Gesundheit
Charité: Intensive Suche nach Keimursache
Nach dem Tod eines Neugeborenen durch einen Keim in der Berliner Charité haben die bisherigen Untersuchungen der Gegenstände und Flüssigkeiten auf den Stationen keine Hinweise auf den Keimursprung gebracht.
Es werde mit Hochdruck nach der Herkunft des Erregers gesucht, sagte Charité-Kliniksprecherin Winde am Sonntag dem rbb.Die bisherigen Untersuchungen der Gegenstände und Flüssigkeiten auf den Stationen hätten allerdings kein Ergebnis gebracht.

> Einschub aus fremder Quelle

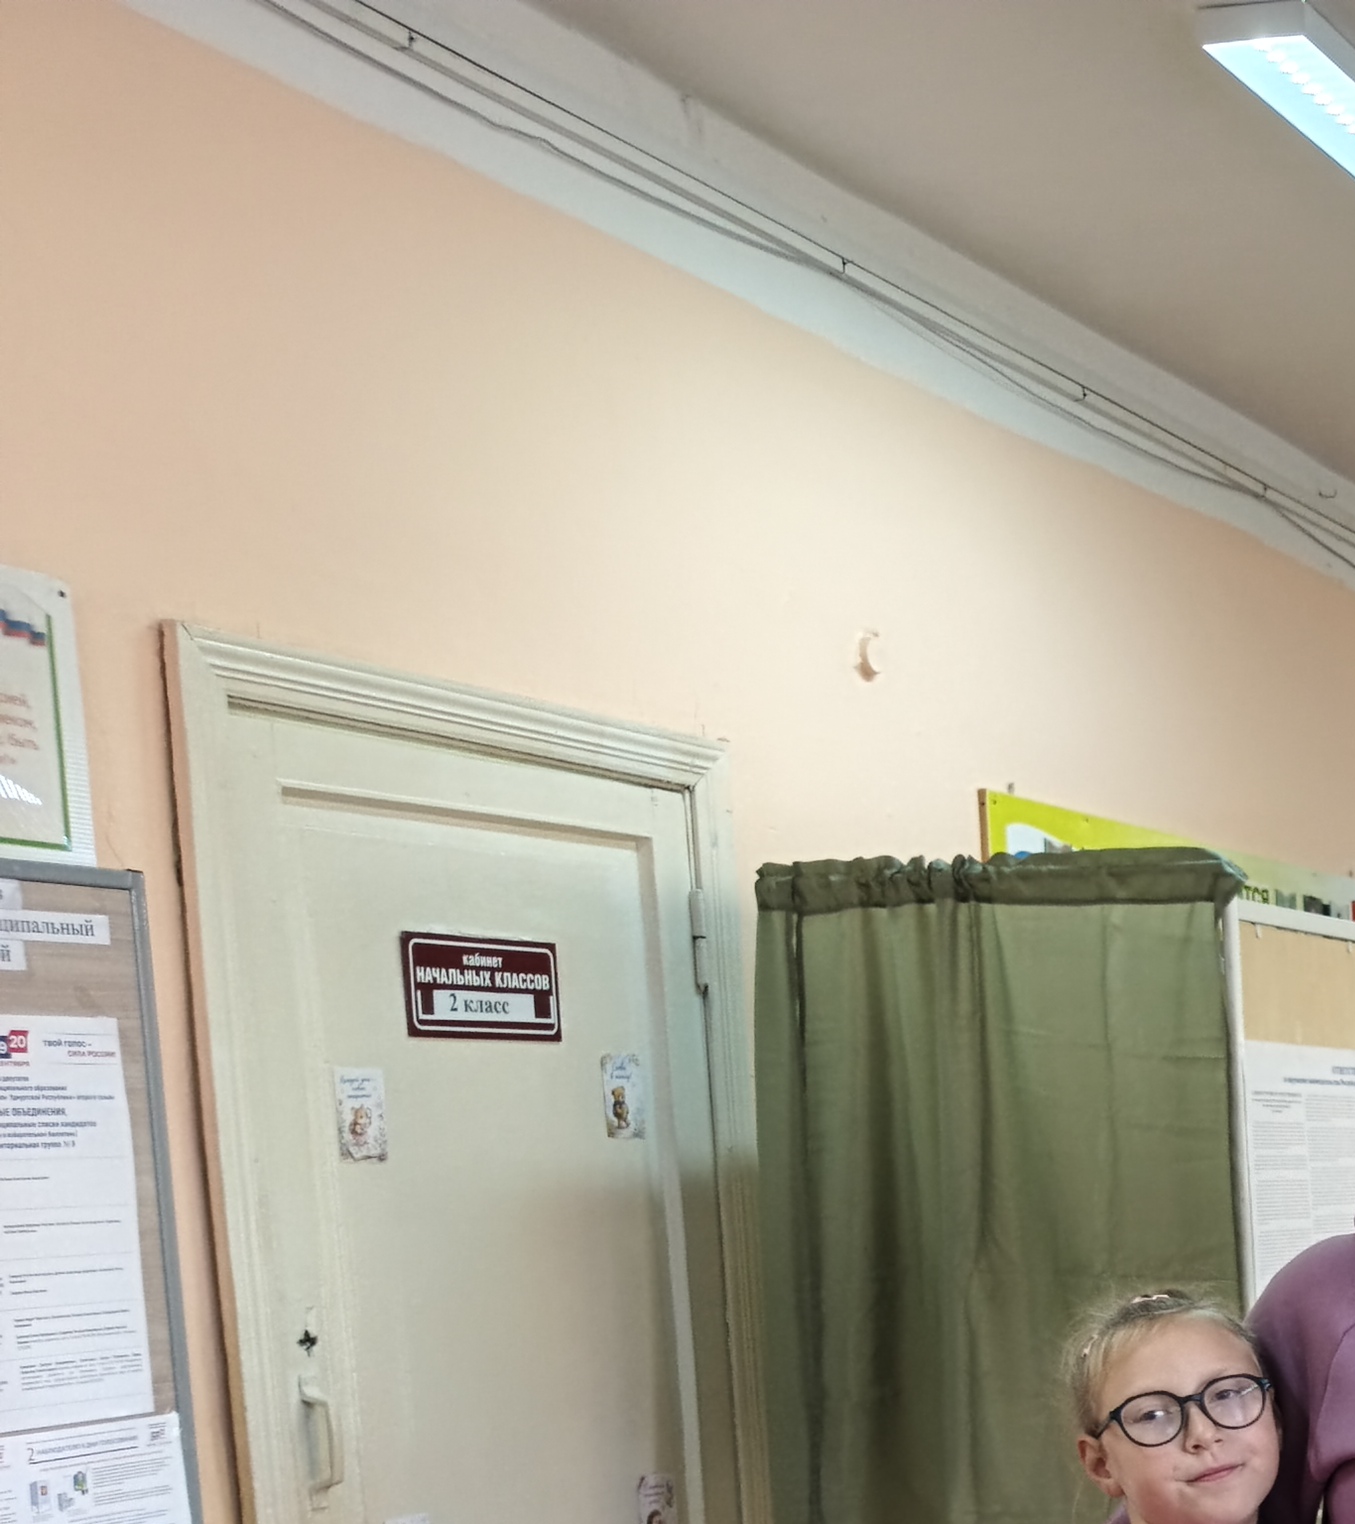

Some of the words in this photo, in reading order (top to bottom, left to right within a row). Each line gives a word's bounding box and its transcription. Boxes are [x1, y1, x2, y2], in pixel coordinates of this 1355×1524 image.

[462, 953, 503, 968] кабинет
[416, 966, 492, 987] НАЧАЛЬНЫХ
[494, 972, 550, 990] КЛАССОВ
[449, 993, 458, 1012] 2
[464, 999, 510, 1014] класс
[9, 1035, 26, 1049] 20
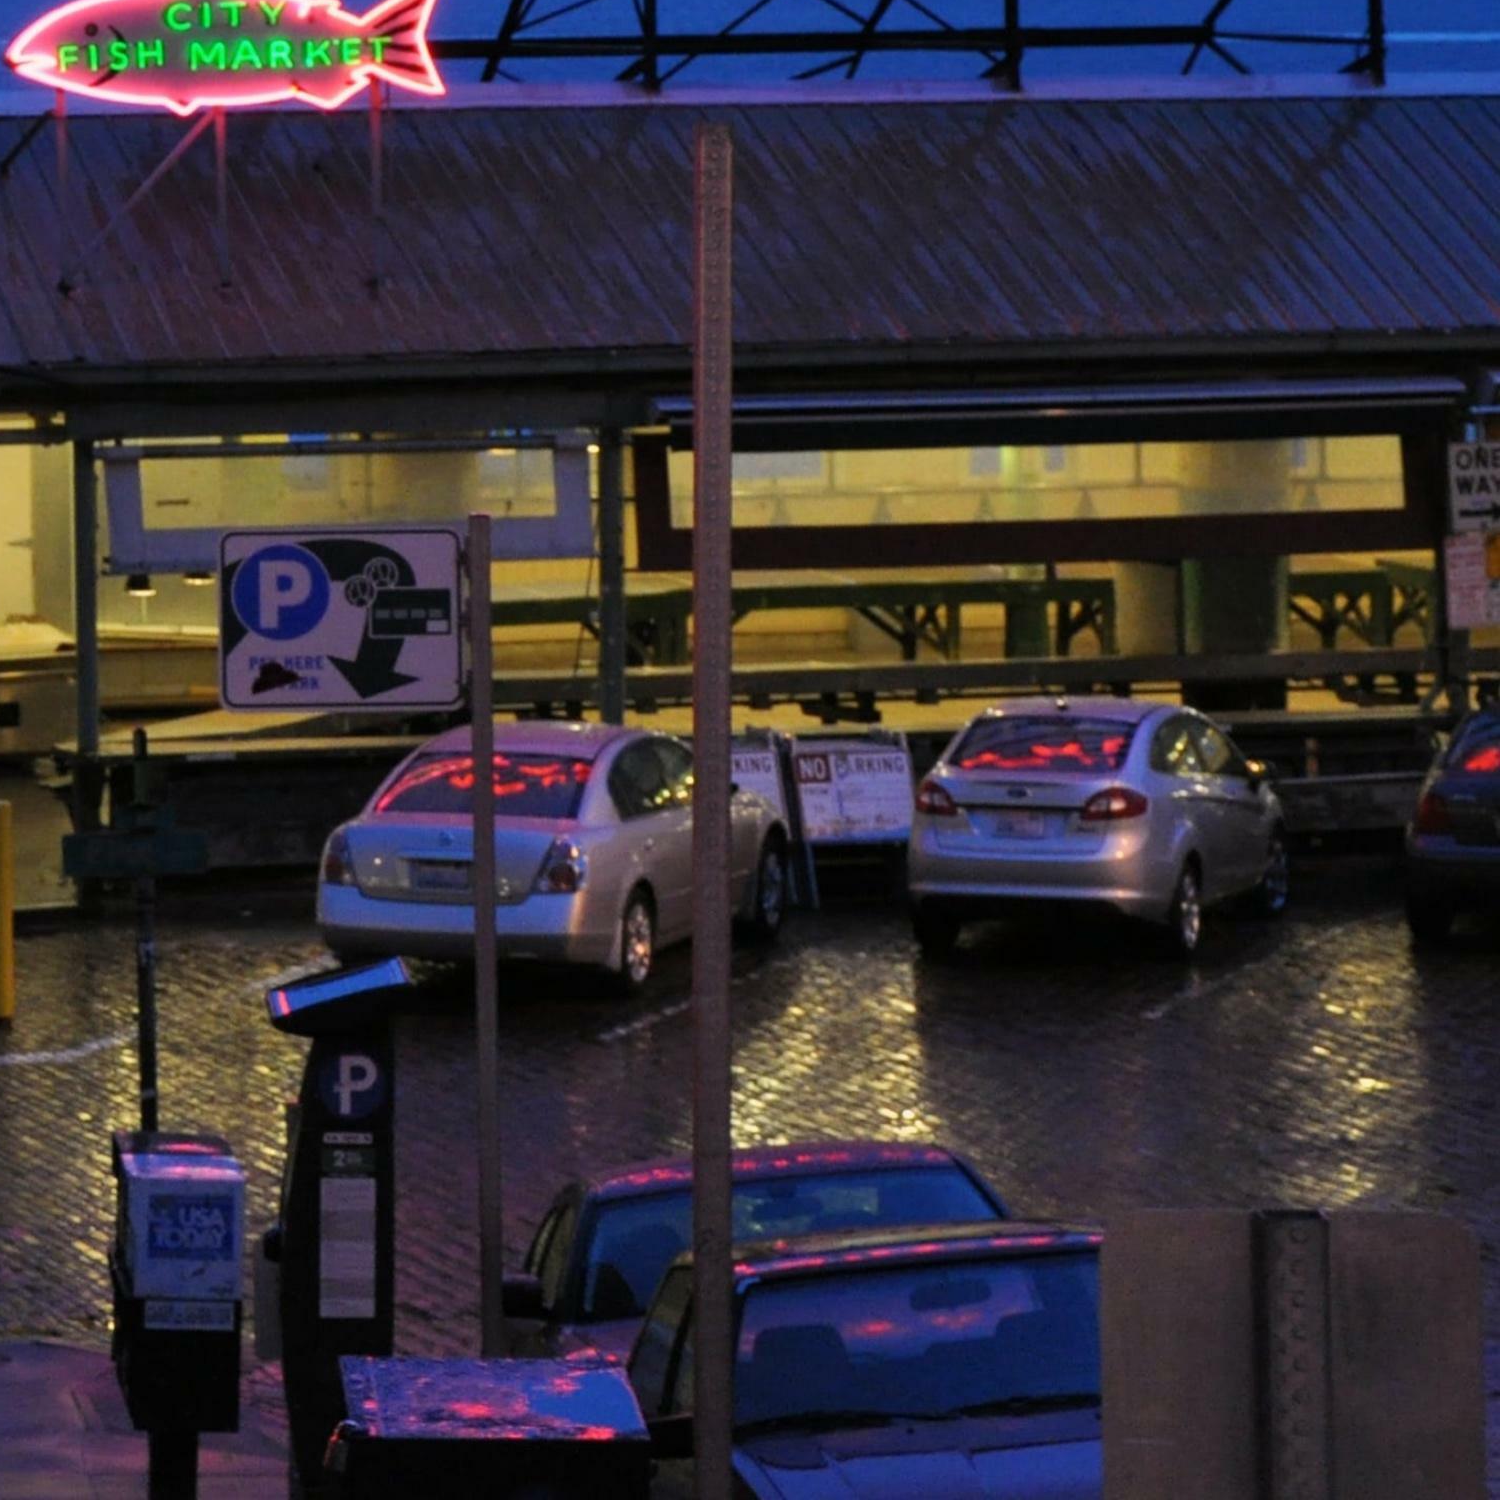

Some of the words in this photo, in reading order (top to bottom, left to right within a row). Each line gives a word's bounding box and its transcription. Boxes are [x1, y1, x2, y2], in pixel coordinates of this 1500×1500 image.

Sieben ebenfalls erkrankte Säuglinge würden auf einer gesonderten Station behandelt, seien aber nicht in kritischem Zustand. Weitere 15 Babys, an denen die Keime gefunden wurden, seien isoliert worden. Die Kinder müssten aber derzeit nicht mit Medikamenten behandelt werden, so Winde.

Fünf Tage nach der Operation war das Neugeborene im Herzzentrum an einer Infektion mit sogenannten Serratien-Keimen gestorben.
Derzeit keine Frühchen-Aufnahme mehr an zwei der fünf Stationen
Der Keimausbruch war laut Charité am 8. Oktober festgestellt und umgehend dem Gesundheitsamt gemeldet worden. Das verstorbene Kind war an der Charité geboren worden, musste aber wegen eines Herzfehlers zur Operation an das benachbarte Herzzentrum verlegt werden. Wo sich der Säugling mit den Serratien-Keimen infiziert hatte, ist nicht geklärt.
Serratien sind Bakterien, die für Gesunde in der Regel kein Gesundheitsrisiko darstellen. Bei Patienten mit eingeschränkter Immunabwehr wie Frühgeborenen oder schwerstkranken Neugeborenen können sie nach Angaben der Charite allerdings Infektionen hervorrufen.